The DGCL provides generally that the affirmative vote of a majority of the outstanding shares entitled to vote thereon, voting together as a single class, is required to amend a corporation’s certificate of incorporation, unless the certificate of incorporation requires a greater percentage.

Our certificate of incorporation provides that the following provisions in our certificate of incorporation may be amended, altered, repealed or rescinded only by the affirmative vote of the holders of at least 66 2/3% in voting power of all the then-outstanding shares of stock of the Company entitled to vote thereon, voting together as a single class:

the provision requiring a 66 2/3% supermajority vote for shareholders to amend our bylaws;
the provisions providing for a classified board of directors (the election and term of our directors);
the provisions regarding resignation and removal of directors;
the provisions regarding entering into business combinations with interested shareholders;
the provisions regarding shareholder action by written consent;
the provisions regarding calling special meetings of shareholders;
the provisions regarding filling vacancies on our Board and newly created directorships;
the provision establishing the Court of Chancery of the State of Delaware as the exclusive forum for certain litigation;
the provisions eliminating monetary damages for breaches of fiduciary duty by a director; and
the amendment provision requiring that the above provisions be amended only with a 66 2/3% supermajority vote.

The combination of the classification of our Board, the lack of cumulative voting and the supermajority voting requirements make it more difficult for our existing shareholders to replace our Board as well as for another party to obtain control of us by replacing our Board. Because our Board has the power to retain and discharge our officers, these provisions could also make it more difficult for existing shareholders or another party to effect a change in management.

Authorized but Unissued Shares

Our authorized but unissued shares of common stock and preferred stock are available for future issuance without shareholder approval, subject to stock exchange rules. These additional shares may be utilized for a variety of corporate purposes, including future public offerings to raise additional capital, corporate acquisitions and employee benefit plans. One of the effects of the existence of authorized but unissued common stock or preferred stock may be to enable our Board to issue shares to persons friendly to current management, which issuance could render more difficult or discourage an attempt to obtain control of the Company by means of a merger, tender offer, proxy contest or otherwise, and thereby protect the continuity of our management and possibly deprive our shareholders of opportunities to sell their shares of common stock at prices higher than prevailing market prices.

Business Combinations

We are not be subject to the provisions of Section 203 of the DGCL. In general, Section 203 prohibits a publicly held Delaware corporation from engaging in a “business combination” with an “interested shareholder” for a three-year period following the time that the person becomes an interested shareholder, unless the business combination is approved in a prescribed manner. A “business combination” includes, among other things, a merger, asset or stock sale or other transaction resulting in a financial benefit to the interested shareholder. An “interested shareholder” is a person who, together with affiliates and associates, owns, or did own within three years prior to the determination of interested shareholder status, 15% or more of the corporation’s voting stock.
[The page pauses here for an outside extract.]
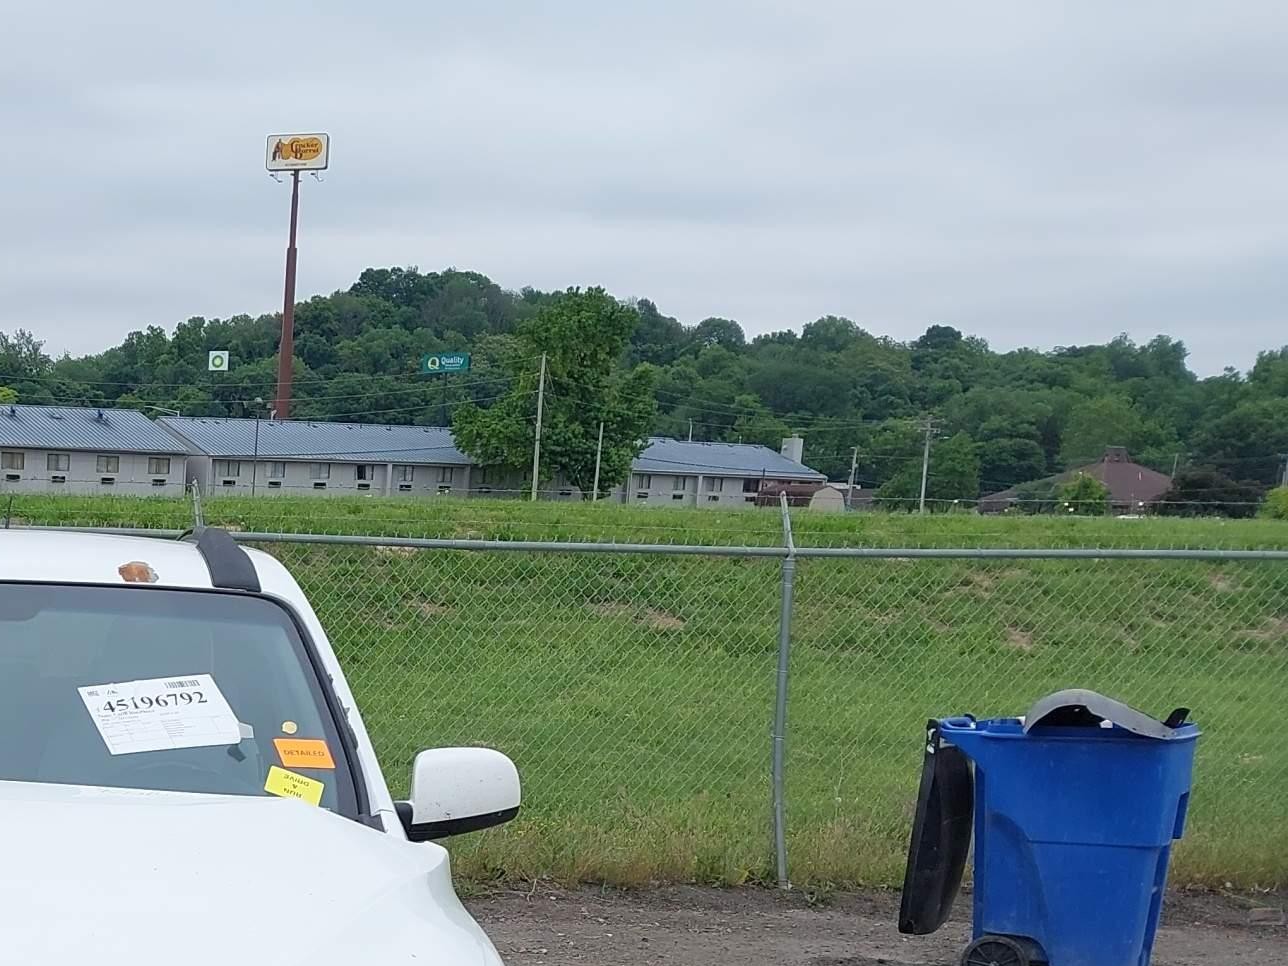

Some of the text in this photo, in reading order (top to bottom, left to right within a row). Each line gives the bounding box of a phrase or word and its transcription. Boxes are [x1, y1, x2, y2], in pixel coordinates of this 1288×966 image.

Under Section 203, a business combination between a corporation and an interested shareholder is prohibited unless it satisfies one of the following conditions: (1) before the shareholder became an interested shareholder, the board of directors approved either the business combination or the transaction which resulted in the shareholder becoming an interested shareholder; (2) upon consummation of the transaction which resulted in the shareholder becoming an interested shareholder, the interested shareholder owned at least 85% of the voting stock of the corporation outstanding at the time the transaction commenced, excluding for purposes of determining the voting stock outstanding, shares owned by persons who are directors and also officers, and employee stock plans, in some instances; or (3) at or after the time the shareholder became an interested shareholder, the business combination was approved by the board of directors and authorized at an annual or special meeting of the shareholders by the affirmative vote of at least two-thirds of the outstanding voting stock which is not owned by the interested shareholder.

A Delaware corporation may “opt out” of these provisions with an express provision in its original certificate of incorporation or an express provision in its certificate of incorporation or bylaws resulting from a shareholders’ amendment approved by at least a majority of the outstanding voting shares.

We have opted out of Section 203; however, our certificate of incorporation contains similar provisions providing that we may not engage in certain “business combinations” with any “interested shareholder” for a three-year period following the time that the shareholder became an interested shareholder, unless:

prior to such time, our Board approved either the business combination or the transaction which resulted in the shareholder becoming an interested shareholder;
upon consummation of the transaction that resulted in the shareholder becoming an interested shareholder, the interested shareholder owned at least 85% of our voting stock outstanding at the time the transaction commenced, excluding certain shares; or
at or subsequent to that time, the business combination is approved by our Board and by the affirmative vote of holders of at least 66 2/3% of our outstanding voting stock that is not owned by the interested shareholder.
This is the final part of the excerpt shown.